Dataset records
------------------------

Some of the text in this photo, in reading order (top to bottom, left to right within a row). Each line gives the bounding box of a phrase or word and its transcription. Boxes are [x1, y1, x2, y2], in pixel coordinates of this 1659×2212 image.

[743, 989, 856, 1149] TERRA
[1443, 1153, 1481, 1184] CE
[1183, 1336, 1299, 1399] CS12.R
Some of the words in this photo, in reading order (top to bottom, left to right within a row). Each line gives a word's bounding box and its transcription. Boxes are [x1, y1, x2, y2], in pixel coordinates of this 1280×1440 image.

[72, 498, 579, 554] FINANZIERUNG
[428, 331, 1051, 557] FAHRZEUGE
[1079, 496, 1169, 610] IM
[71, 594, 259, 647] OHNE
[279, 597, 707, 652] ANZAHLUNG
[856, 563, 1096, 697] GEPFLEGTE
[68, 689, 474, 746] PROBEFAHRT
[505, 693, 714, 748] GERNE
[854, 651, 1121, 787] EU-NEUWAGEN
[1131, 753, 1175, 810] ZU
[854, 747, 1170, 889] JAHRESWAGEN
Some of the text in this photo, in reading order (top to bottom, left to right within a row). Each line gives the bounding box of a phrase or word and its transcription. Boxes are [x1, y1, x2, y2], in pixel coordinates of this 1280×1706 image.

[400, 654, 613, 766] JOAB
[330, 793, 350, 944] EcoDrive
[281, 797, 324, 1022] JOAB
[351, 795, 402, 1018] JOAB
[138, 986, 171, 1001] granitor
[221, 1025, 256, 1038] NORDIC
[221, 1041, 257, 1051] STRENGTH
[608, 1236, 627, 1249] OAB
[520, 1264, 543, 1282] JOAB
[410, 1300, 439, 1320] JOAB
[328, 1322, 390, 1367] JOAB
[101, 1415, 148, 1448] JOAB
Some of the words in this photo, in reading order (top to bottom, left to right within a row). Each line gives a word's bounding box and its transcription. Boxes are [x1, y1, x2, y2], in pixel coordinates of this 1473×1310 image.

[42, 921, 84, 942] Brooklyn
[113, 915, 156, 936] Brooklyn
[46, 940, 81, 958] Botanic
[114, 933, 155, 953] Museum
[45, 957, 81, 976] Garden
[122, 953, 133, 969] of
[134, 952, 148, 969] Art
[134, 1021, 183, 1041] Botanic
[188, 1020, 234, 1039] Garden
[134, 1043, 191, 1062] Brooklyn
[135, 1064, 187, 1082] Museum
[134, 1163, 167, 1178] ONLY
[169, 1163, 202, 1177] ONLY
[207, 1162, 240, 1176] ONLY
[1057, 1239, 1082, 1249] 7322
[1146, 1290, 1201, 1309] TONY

------------------------

Set down exactly the line that holds "this 1473×1310 image." and all lines after it to the end of the data.

Some of the words in this photo, in reading order (top to bottom, left to right within a row). Each line gives a word's bounding box and its transcription. Boxes are [x1, y1, x2, y2], in pixel coordinates of this 1473×1310 image.

[42, 921, 84, 942] Brooklyn
[113, 915, 156, 936] Brooklyn
[46, 940, 81, 958] Botanic
[114, 933, 155, 953] Museum
[45, 957, 81, 976] Garden
[122, 953, 133, 969] of
[134, 952, 148, 969] Art
[134, 1021, 183, 1041] Botanic
[188, 1020, 234, 1039] Garden
[134, 1043, 191, 1062] Brooklyn
[135, 1064, 187, 1082] Museum
[134, 1163, 167, 1178] ONLY
[169, 1163, 202, 1177] ONLY
[207, 1162, 240, 1176] ONLY
[1057, 1239, 1082, 1249] 7322
[1146, 1290, 1201, 1309] TONY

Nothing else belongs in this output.